#### What you need to do:
Transcribe the records that follow in their entirety, omitting any pictures.

#### Source records:
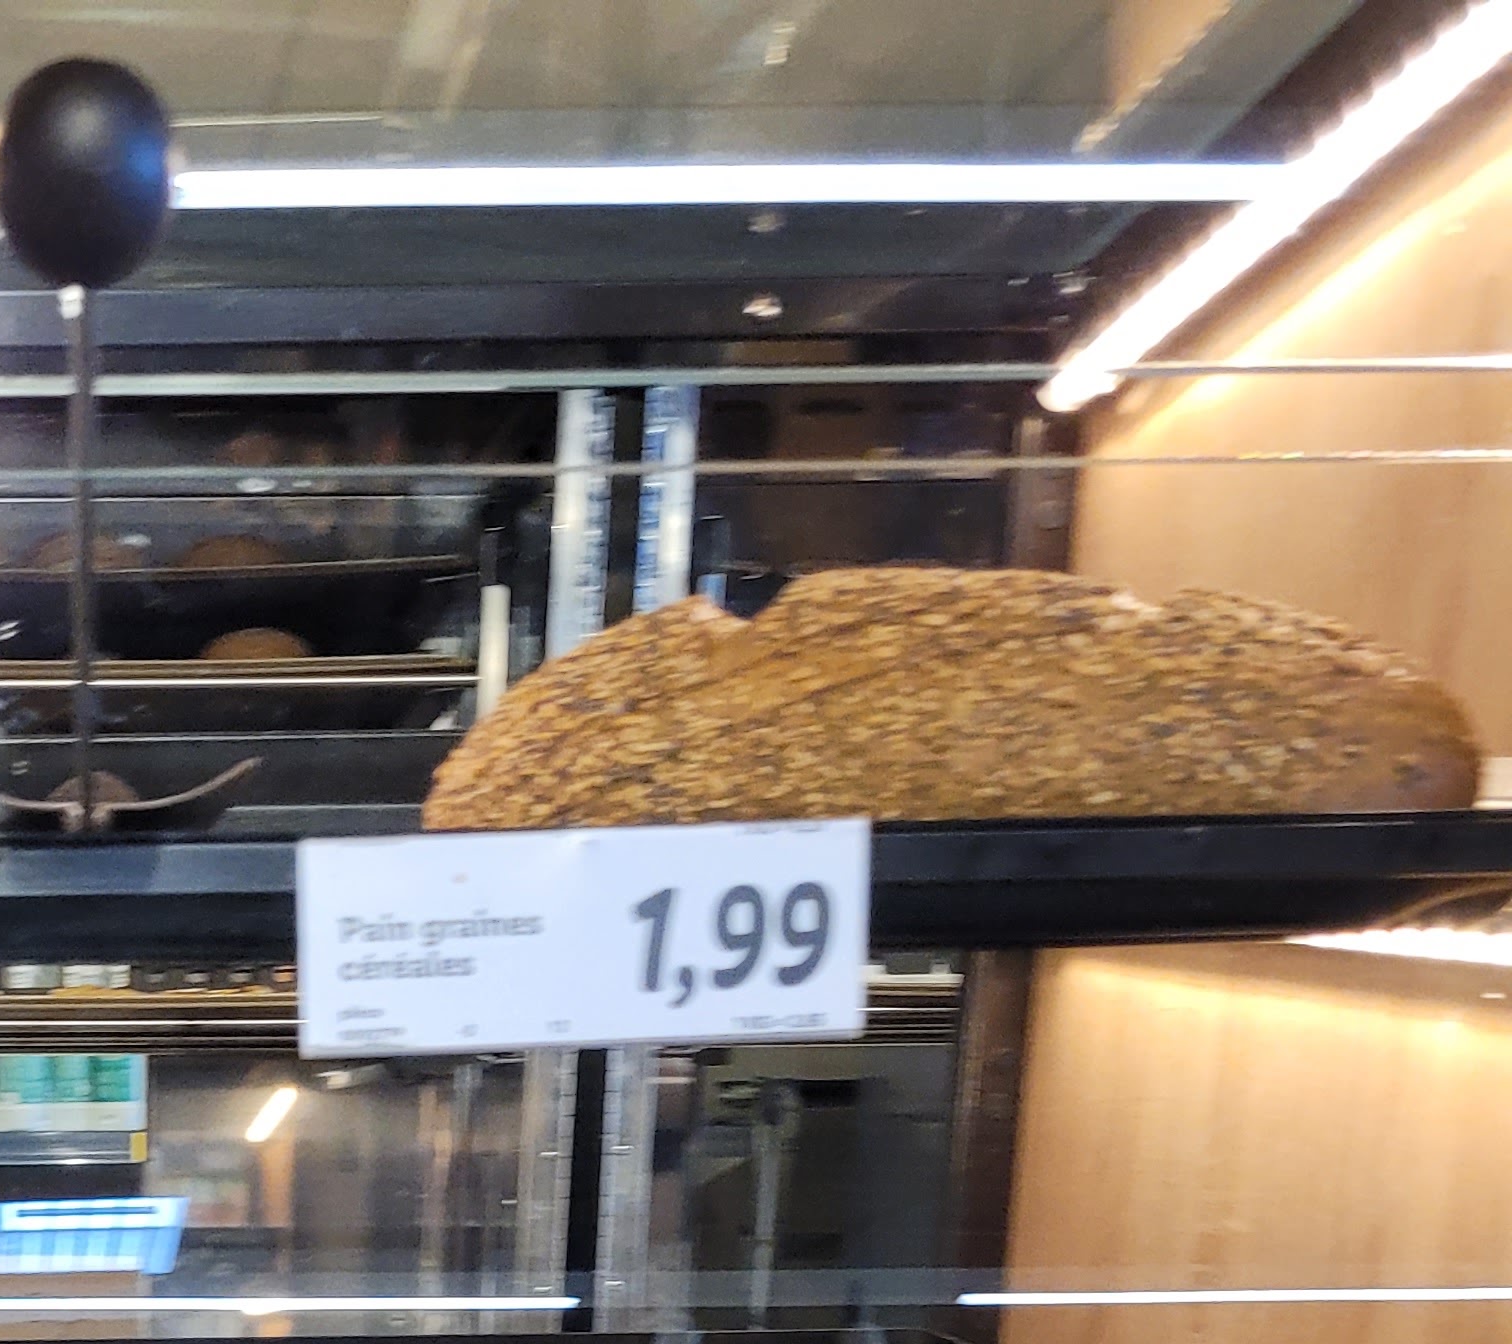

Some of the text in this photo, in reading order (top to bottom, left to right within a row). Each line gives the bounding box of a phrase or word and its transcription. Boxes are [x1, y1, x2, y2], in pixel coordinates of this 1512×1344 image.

[338, 909, 544, 947] Pain graines
[632, 881, 830, 1007] 1,99
[337, 951, 476, 981] céréales
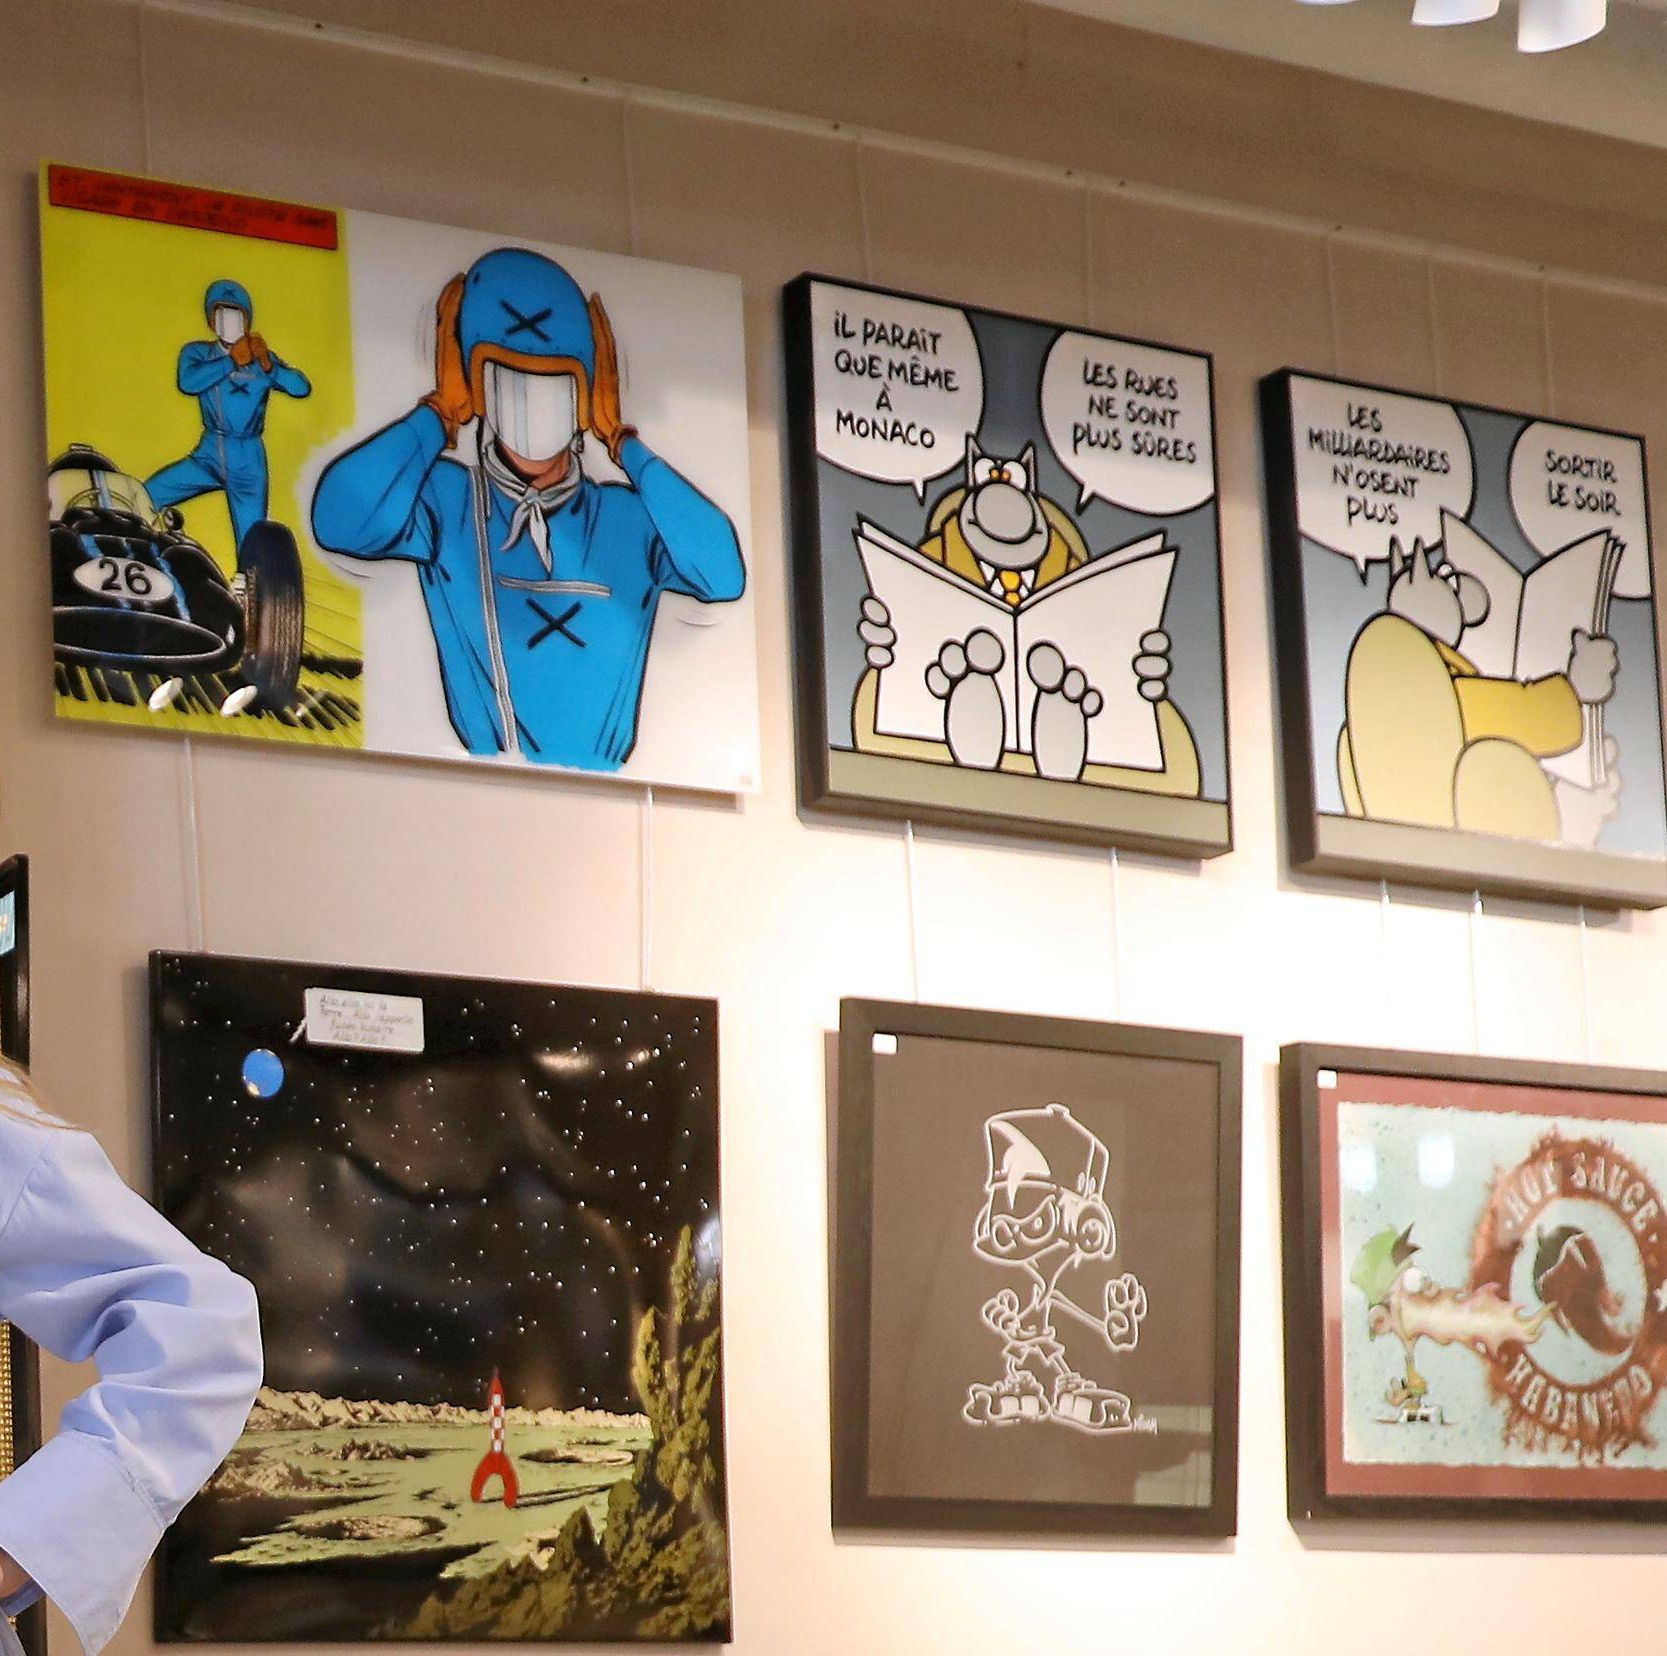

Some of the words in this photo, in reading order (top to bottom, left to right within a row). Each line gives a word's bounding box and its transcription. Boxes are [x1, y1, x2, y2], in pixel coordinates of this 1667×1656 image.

[834, 348, 883, 379] QUE
[888, 354, 960, 392] MÊME
[1083, 355, 1118, 389] LES
[1125, 367, 1179, 400] RUES
[836, 407, 936, 449] MONACO
[1088, 394, 1119, 419] NE
[1125, 398, 1181, 430] SONT
[1347, 401, 1383, 433] LES
[1073, 420, 1122, 456] PLUS
[1332, 461, 1419, 498] N'OSENT
[1545, 447, 1618, 484] SORTIR
[1347, 494, 1400, 527] PLUS
[1547, 477, 1569, 507] LE
[1574, 484, 1622, 517] SOIR
[98, 558, 153, 596] 26
[1505, 1158, 1559, 1224] HOT
[1569, 1150, 1659, 1232] SAUCE

#### Output for this exercise:
Some of the text in this photo, in reading order (top to bottom, left to right within a row). Each line gives the bounding box of a phrase or word and its transcription. Boxes are [x1, y1, x2, y2], in pixel coordinates of this 1512×1344 image.

[338, 909, 544, 947] Pain graines
[632, 881, 830, 1007] 1,99
[337, 951, 476, 981] céréales

Some of the words in this photo, in reading order (top to bottom, left to right within a row). Each line gives a word's bounding box and its transcription. Boxes are [x1, y1, x2, y2], in pixel coordinates of this 1667×1656 image.

[834, 348, 883, 379] QUE
[888, 354, 960, 392] MÊME
[1083, 355, 1118, 389] LES
[1125, 367, 1179, 400] RUES
[836, 407, 936, 449] MONACO
[1088, 394, 1119, 419] NE
[1125, 398, 1181, 430] SONT
[1347, 401, 1383, 433] LES
[1073, 420, 1122, 456] PLUS
[1332, 461, 1419, 498] N'OSENT
[1545, 447, 1618, 484] SORTIR
[1347, 494, 1400, 527] PLUS
[1547, 477, 1569, 507] LE
[1574, 484, 1622, 517] SOIR
[98, 558, 153, 596] 26
[1505, 1158, 1559, 1224] HOT
[1569, 1150, 1659, 1232] SAUCE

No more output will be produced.